Personally, If someone tells me if they disagree with "Calvinism", I ask them what part of The Institutes gave them the most trouble. When they tell me they (1) don't know what The Institutes are or (2) have never read The Institutes, I ask them if they think it is fair to dismiss someone's teaching based only on second hand information. Then, I tell them I am willing to sit with them and read portions of the Institutes with them.


----------



## MW (Mar 8, 2012)

That method of argumentation is enough to boggle anyone's mind. It is simply a series of absurd assertions.



> 1. The Law was intended for unregenerate people (1 Tim 1:9-10)



The word "regenerate" is not used. It is "righteous." And it is not absolute. The apostle had previously taught that charity is the end of the commandment, v. 5, which springs from a pure heart, a good conscience, and faith unfeigned. In other words, the law is of use to teach charity to those who are regenerate.

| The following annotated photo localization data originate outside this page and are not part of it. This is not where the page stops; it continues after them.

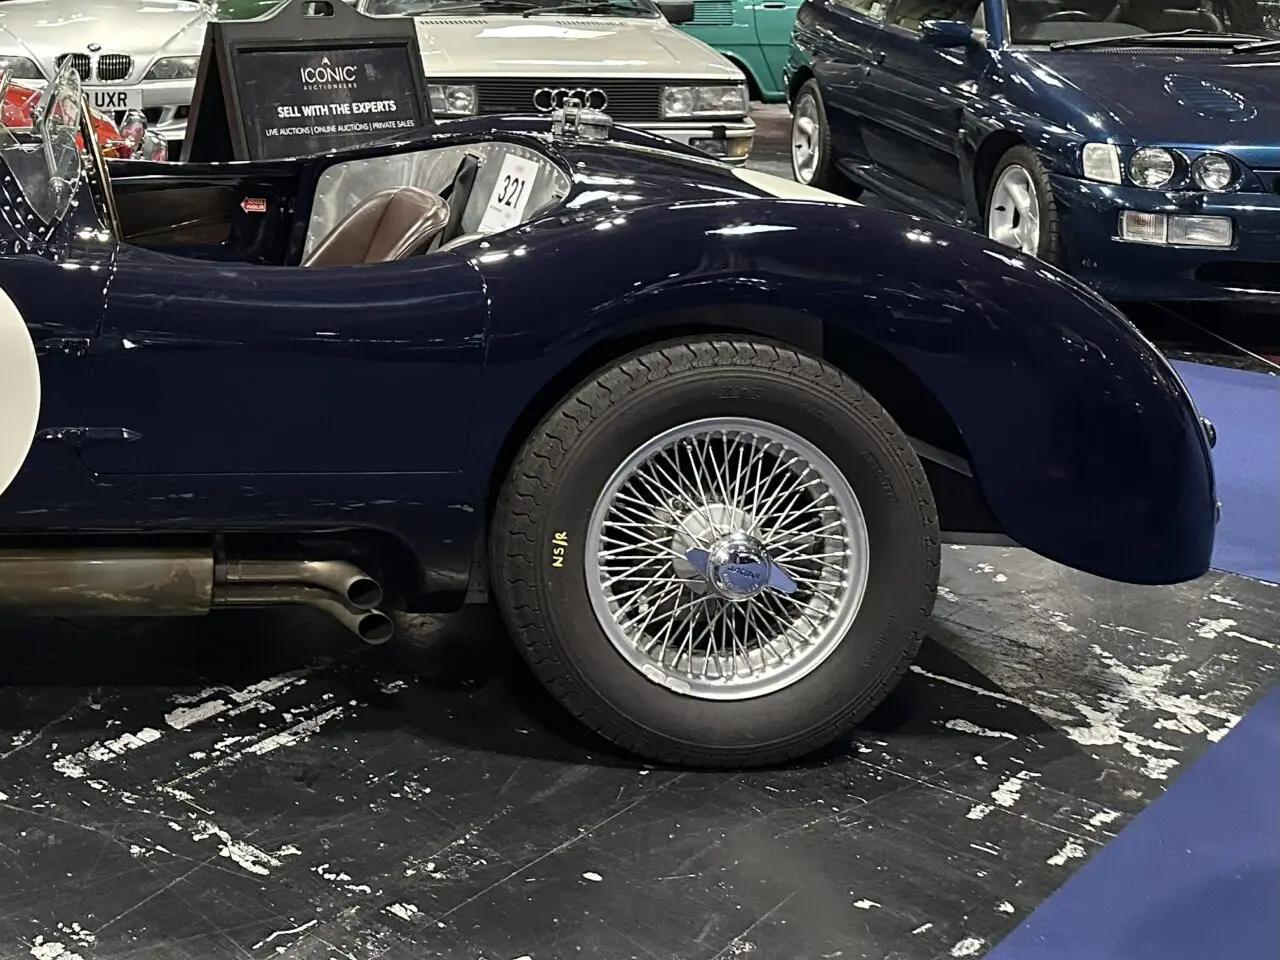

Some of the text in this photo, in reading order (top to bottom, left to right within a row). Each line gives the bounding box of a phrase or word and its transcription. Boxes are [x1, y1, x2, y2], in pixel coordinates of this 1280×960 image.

[300, 65, 357, 83] ICONIC
[303, 82, 358, 91] AUCTIONEERS
[94, 91, 128, 108] UXR
[277, 100, 397, 118] SELL WITH THE EXPERTS
[266, 119, 415, 137] LIVE AUCTIONS ONLINE AUCTIONS PRIVATE SALES
[497, 174, 526, 210] 321
[552, 531, 568, 567] NS/R
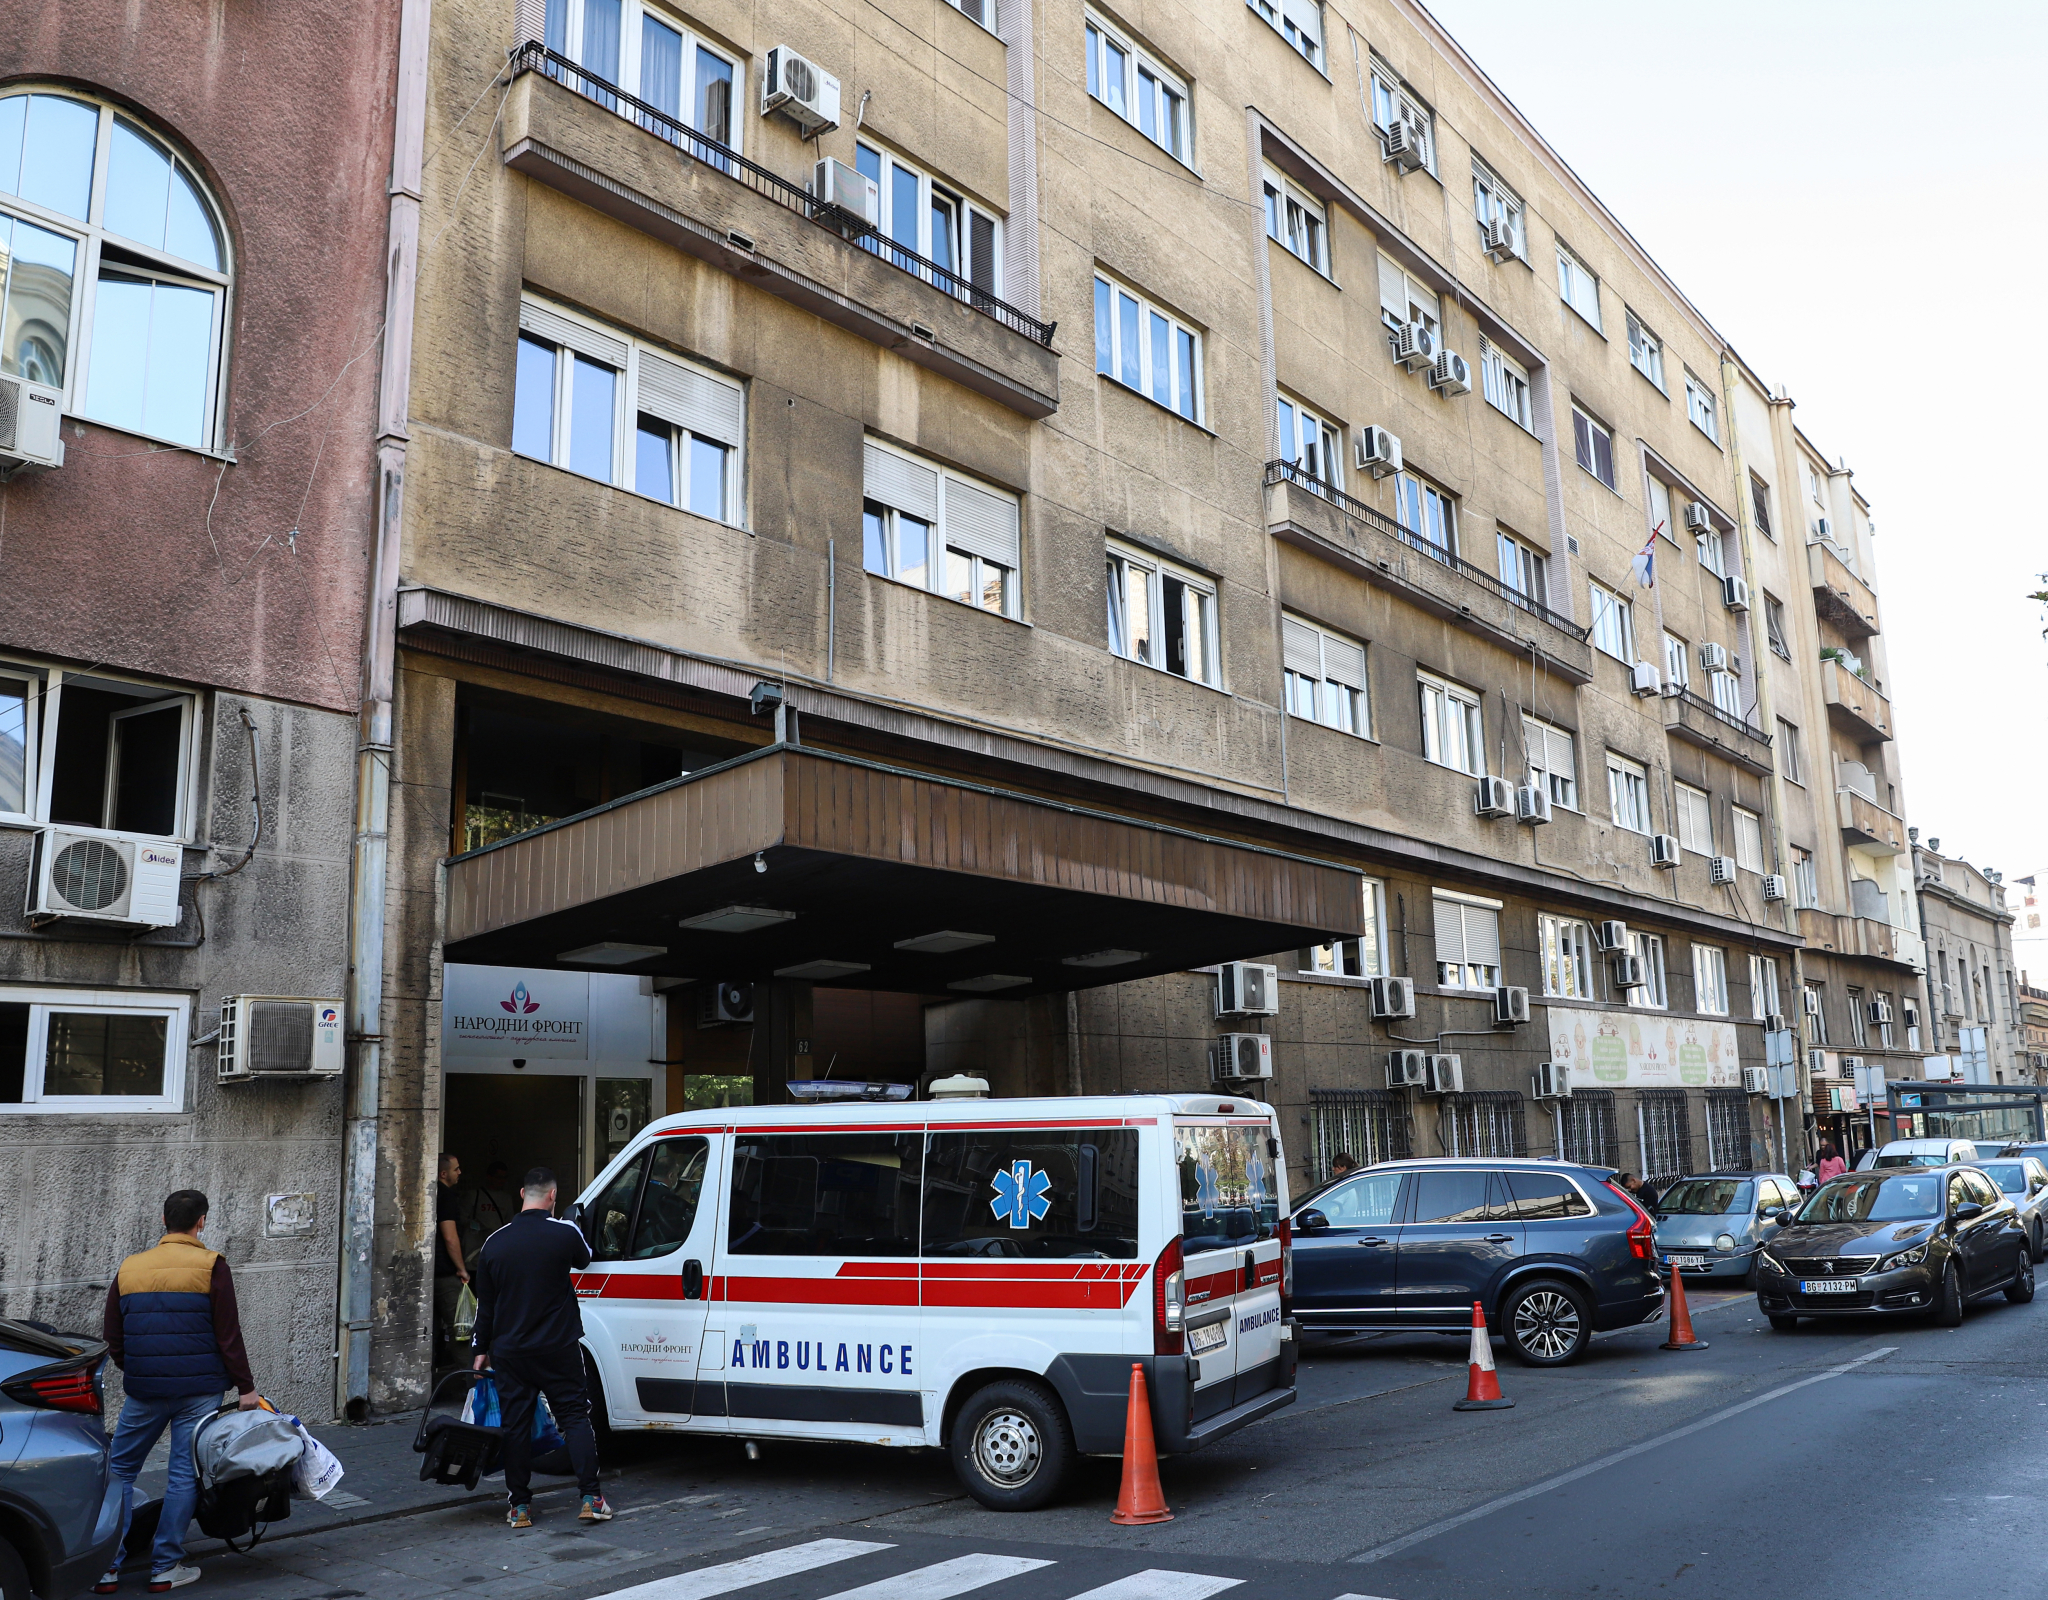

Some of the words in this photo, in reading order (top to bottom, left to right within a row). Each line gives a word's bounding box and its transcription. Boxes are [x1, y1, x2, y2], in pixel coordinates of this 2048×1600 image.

> 2. The Law was given to Jews.



The law was given to Jews in a particular form by Moses. As the man himself notes, all men have the law by nature, Rom. 2:14, 15. And what does this mean? It means that the law is the inevitable norm of human life. Hence the apostle appeals to it as that which is "right," Eph. 6:1-3.



> 3. Therefore, Jews were unregenerate.



As his major and minor premise have been proven false, this conclusion remains unproven. As it stands, it is dispensational, and contrary to Scripture.



> 4, Some Jews had saving faith (Heb 11:23-40)
> 5. Therefore, unregenerate people can have saving faith.[/FONT]



As his prior conclusion remains unproven he has no basis for making this assertion. The right conclusion is that which is based on Scripture testimony. Faith in Christ is certain evidence that one is born of God, 1 John 5:1. Ergo believers under the Old Testament were born of God.



> Calvinism says (5) is impossible, therefore Calvinism is false.



Calvinism says it is impossible for a believer to be unregenerate, in accord with the clear teaching of Scripture. Besides 1 John 5:1, John 1:12-13 plainly states that whoever believes on the name of Christ has been born of God.


----------



## KingofBashan (Mar 9, 2012)

> 1. The Law was intended for unregenerate people (1 Tim 1:9-10)
> 2. The Law was given to Jews.
> 3. Therefore, Jews were unregenerate.
> 4, Some Jews had saving faith (Heb 11:23-40)
> ...



To put it as simply as possible: there is a HUGE gap between 3 and 4. Namely this, Saving faith is the result of regeneration. Then 5 needs to be edited so the whole line of argument should look like this:



> 1. The Law was intended for unregenerate people (1 Tim 1:9-10)
> 2. The Law was given to Jews.
> 3. Therefore, Jews were unregenerate.
> 4. Saving faith is the result of regeneration.
> ...



Kind of a useless line of reasoning since the conclusion is obvious. 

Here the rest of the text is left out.